Legislature demonstrates disregard for process, voters

On Tuesday, the second to last day of this year’s legislative session, the House of Representatives approved a bill that grants special rights to transsexuals. (CLICK HERE for a roll call of how legislators voted.) Though we scored a victory with the removal of the “Bathroom Bill” aspects of the legislation, the way that the altered bill was rammed through highlights an ongoing disregard by Beacon Hill leaders of both the legislative process and the voice of the people.

Updated Final Vote (94-60): Download PDF

With time running out and a full schedule of bills to approve, House leaders used “an unusual maneuver…to limit debate on the bill to one hour,” reported the State House News Service. The vote to limit debate, as proposed by Rep. David Linsky, was 94-56. Forty minutes of that hour was taken up by two supporters of the bill, Rep. Eugene O’Flaherty and Rep. Carl Sciortino, leaving opponents little time to speak or move any of the more than 40 amendments filed to study various affects of the bill.

Even Rep. Dan Winslow, the only Republican to vote in favor of the bill, said that it was regrettable that “the majority has limited debate.” Democrat Christopher Fallon, a representative from Malden, lambasted his colleagues who voted to limit debate to an hour, saying it brings “shame on us all.”

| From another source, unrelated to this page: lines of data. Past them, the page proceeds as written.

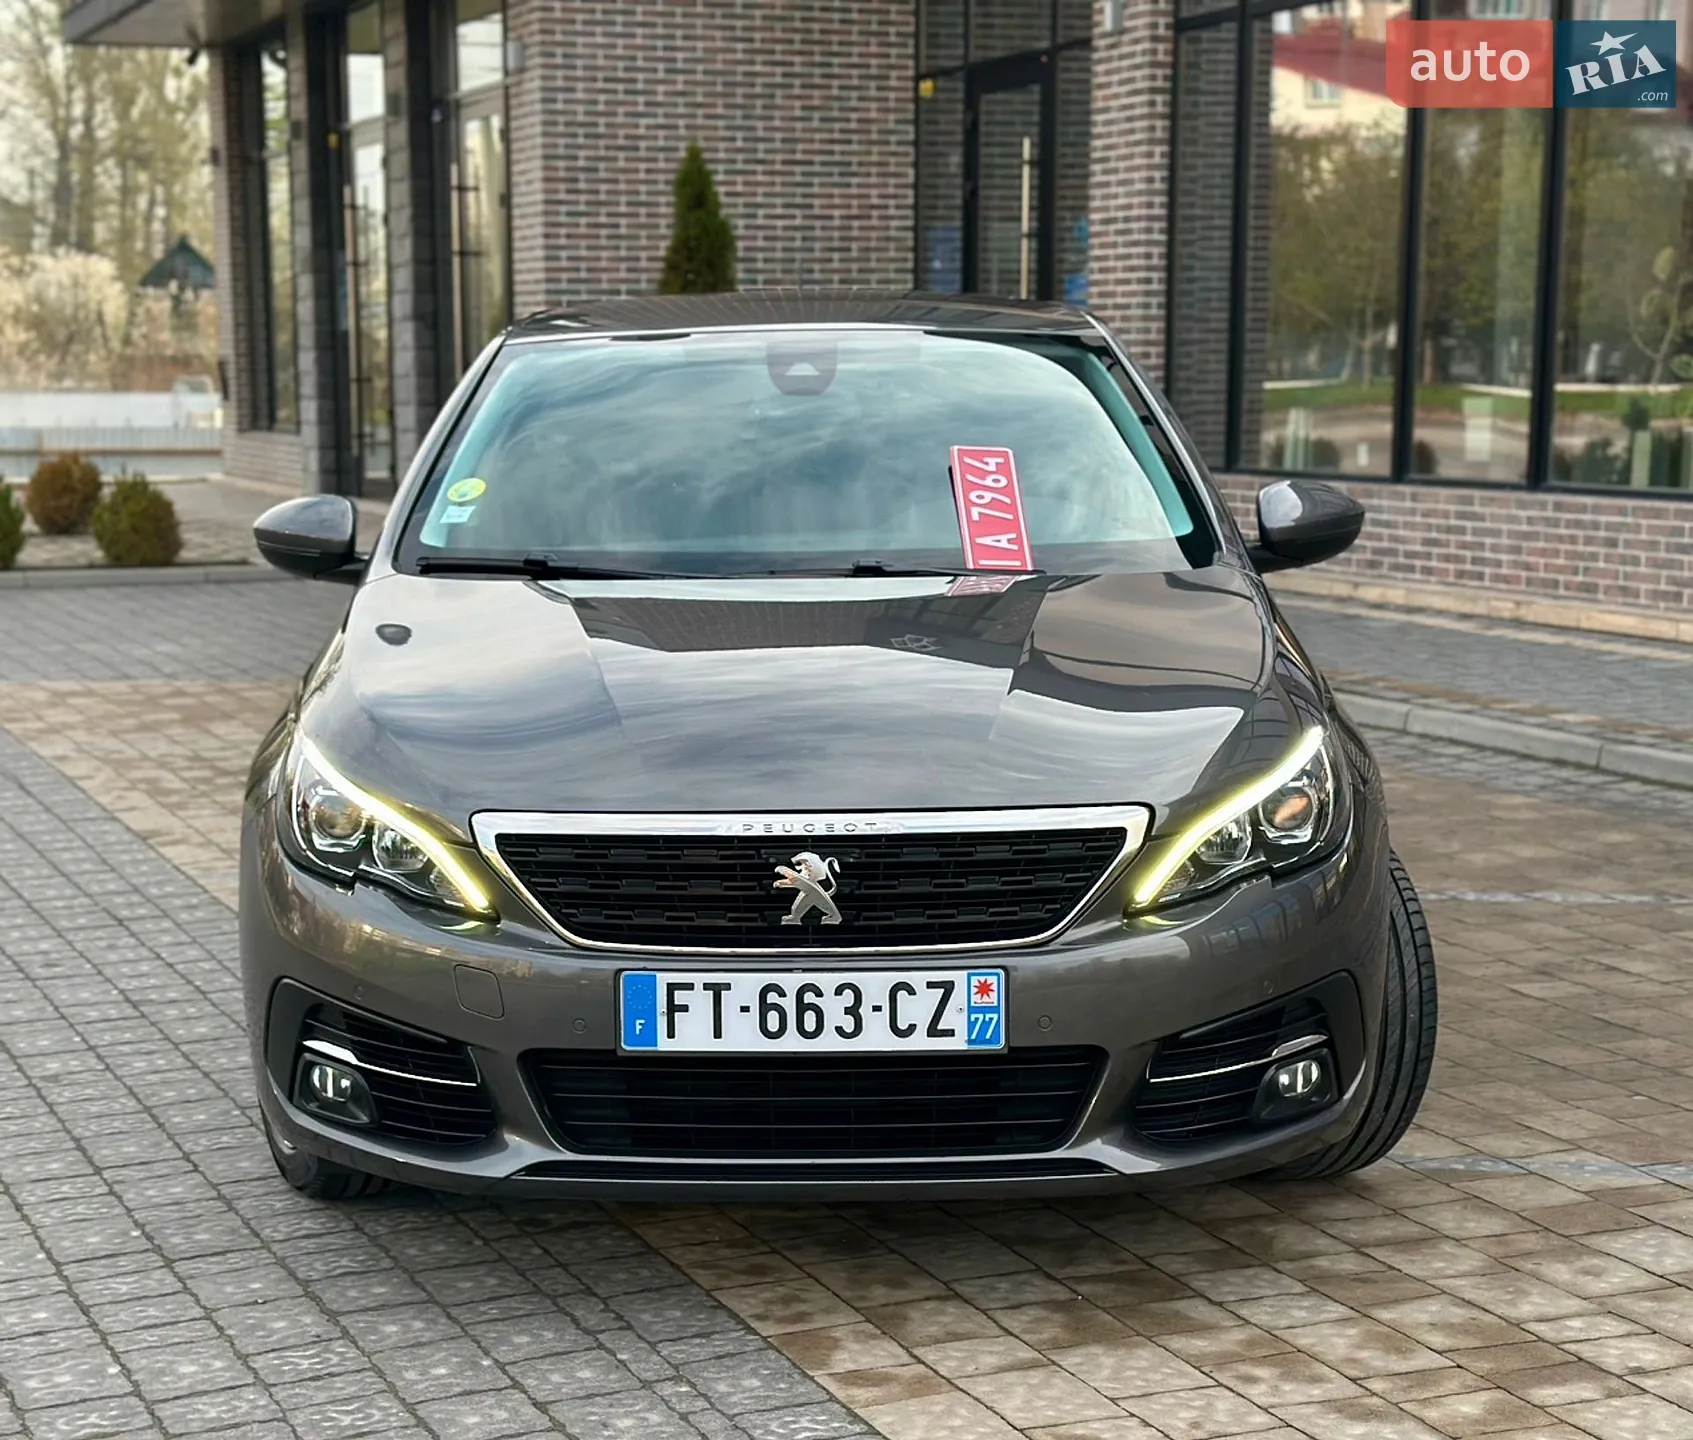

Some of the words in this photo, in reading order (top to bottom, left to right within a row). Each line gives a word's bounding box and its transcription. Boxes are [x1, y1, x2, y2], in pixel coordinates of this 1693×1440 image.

[962, 456, 1015, 522] 7964
[742, 822, 878, 833] PEUGEOT
[666, 980, 957, 1040] FT-663-CZ
[635, 1020, 645, 1035] F
[970, 1013, 999, 1040] 77

“We marginalize our importance to our constituency. We marginalize the importance of a bill like this when we try to limit, when we try to suspend, when we try to restrict debate,” Rep. Fallon exclaimed from his seat in the back of the chamber.

In the “why are we not surprised” category, the leadership’s brazen action to limit debate not just limited to procedural tactic designed to fast track the bill. The House voted earlier 115-37 to bypass the Ways and Means Committee’s review of the bill, a critical step that would have had that committee analyze the legislation for any fiscal ramifications.

In the end, it was a victory for safety, privacy and modesty of women and children who expect to be secure in public bathrooms. But it leaves too many issues unanswered in terms of burdensome and costly regulations to businesses and the use of their facilities, and more importantly, the effects in our public K-12 schools and day care centers.

From all of us at MFI, thank you for your tremendous grassroots involvement over the past 6 years that led to the final bill not including the bathroom language. It was your calls and emails that tipped the scales in our favor in the Legislature, and your concerns that forced the media to cover this issue. This will be forever known in Massachusetts as the “Bathroom Bill.”

Our work continues as we seek remedies that protect individuals and small businesses from undue harm as a result of this radical measure. And the evidence continues to pile up that one-party rule results in undemocratic maneuvers that serve special interest groups and not the common good. The same lack of transparency and accountability led to same-sex “marriage,” the convictions of the last three House speakers, and now the passage of this radical transsexual bill.